SUBSCRIPTION AGREEMENT
The undersigned (hereinafter "Subscriber") hereby confirms his/her/its subscription for the purchase of Convertible Notes and Warrants of Datatec Systems, Inc., a Delaware corporation (the "Company"), as described below.
In connection with this subscription, Subscriber and the Company agree as follows:
1. Sale and Purchase of Convertible Notes and Warrants.
(a) The Company hereby agrees to issue and to sell to Subscriber, and Subscriber hereby agrees to purchase from the Company, (1) a Convertible Note either (i) bearing interest at 4% and convertible in accordance with the terms thereof into shares of the Company's common stock, $.001 par value (the "Common Stock") at a 10% premium to the Market Price (as defined in the Confidential Private Placement Memorandum, or "PPM") of the Common Stock, or (ii) bearing no interest and convertible in accordance with the terms thereof into Common Stock at a 10% discount to the Market Price of the Common Stock; and (2) Warrants to purchase, at an exercise price equal to 130% of the Market Price, Common Stock equal to 50% of the Common Stock into which such Convertible Note is convertible. The form of Convertible Note is annexed hereto as Exhibit A. (The Convertible Notes, the Warrants and the Common Stock issuable upon conversion of the Convertible Notes and exercise of the Warrants are collectively referred to herein as, the "Securities").
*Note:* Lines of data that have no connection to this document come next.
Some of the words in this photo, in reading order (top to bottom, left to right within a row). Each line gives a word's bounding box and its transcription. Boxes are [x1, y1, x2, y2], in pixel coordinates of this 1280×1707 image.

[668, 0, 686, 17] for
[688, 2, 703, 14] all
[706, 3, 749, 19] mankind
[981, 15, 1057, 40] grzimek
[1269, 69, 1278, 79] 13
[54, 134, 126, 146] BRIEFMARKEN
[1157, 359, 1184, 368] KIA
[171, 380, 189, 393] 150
Upon acceptance of this Subscription Agreement by Subscriber, the Company shall issue and deliver the Convertible Note and Warrants against payment in U.S. Dollars by check of the Purchase Price (as defined below).
(b) Subscriber has hereby delivered and paid concurrently herewith the purchase price (the "Purchase Price") set forth on the signature page hereof required to purchase the Securities subscribed for hereunder which amount has been paid in U.S. Dollars by check, subject to collection, to the order of "Continental Stock Transfer & Trust Company, Escrow Agent for Datatec Systems, Inc."
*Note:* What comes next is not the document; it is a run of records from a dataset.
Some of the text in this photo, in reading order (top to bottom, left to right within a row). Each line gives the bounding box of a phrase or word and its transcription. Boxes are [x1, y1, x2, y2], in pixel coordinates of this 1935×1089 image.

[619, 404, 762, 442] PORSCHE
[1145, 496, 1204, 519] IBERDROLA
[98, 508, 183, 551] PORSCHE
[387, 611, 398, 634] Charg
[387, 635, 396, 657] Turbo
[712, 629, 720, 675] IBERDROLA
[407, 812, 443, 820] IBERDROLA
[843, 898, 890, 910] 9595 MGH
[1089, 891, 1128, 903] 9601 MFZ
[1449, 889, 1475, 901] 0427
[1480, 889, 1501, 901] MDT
(c) Subscriber understands and acknowledges that this subscription is part of a proposed placement by the Company of up to $4,900,000 of unsecured Four-Year Convertible Notes and Warrants which offering is being made on a "best efforts, all or none" basis as to the first $2,500,000 (the "Minimum Offering") and on "best efforts only" basis as to the remaining $2,400,000 (the "Maximum Offering"). Subscriber understands that payments hereunder as to the Minimum Offering will be held in a qualified escrow account established at Continental Stock Transfer & Trust Company, and released to the Company if the Minimum Offering is reached within the Offering Period (as defined in the PPM) or any extended period. If the Minimum Offering is not reached within the Offering Period or any extended period, the funds held therein will be returned to the investors without interest or deduction. Subscriber also understands that all funds received hereunder after the Minimum Offering is reached will be made immediately available to the Company. Subscriber understands that Joseph Stevens & Company, Inc. and the Company have full discretion to accept subscriptions below the minimum investment amount of $50,000.
2. Representations and Warranties of Subscriber. Subscriber represents and warrants to the Company as follows:
(a) Subscriber is an "accredited investor" as defined by Rule 501 under the Securities Act of 1933, as amended (the "Act"), and Subscriber is capable of evaluating the merits and risks of Subscriber's investment in the Company and has the capacity to protect Subscriber's own interests.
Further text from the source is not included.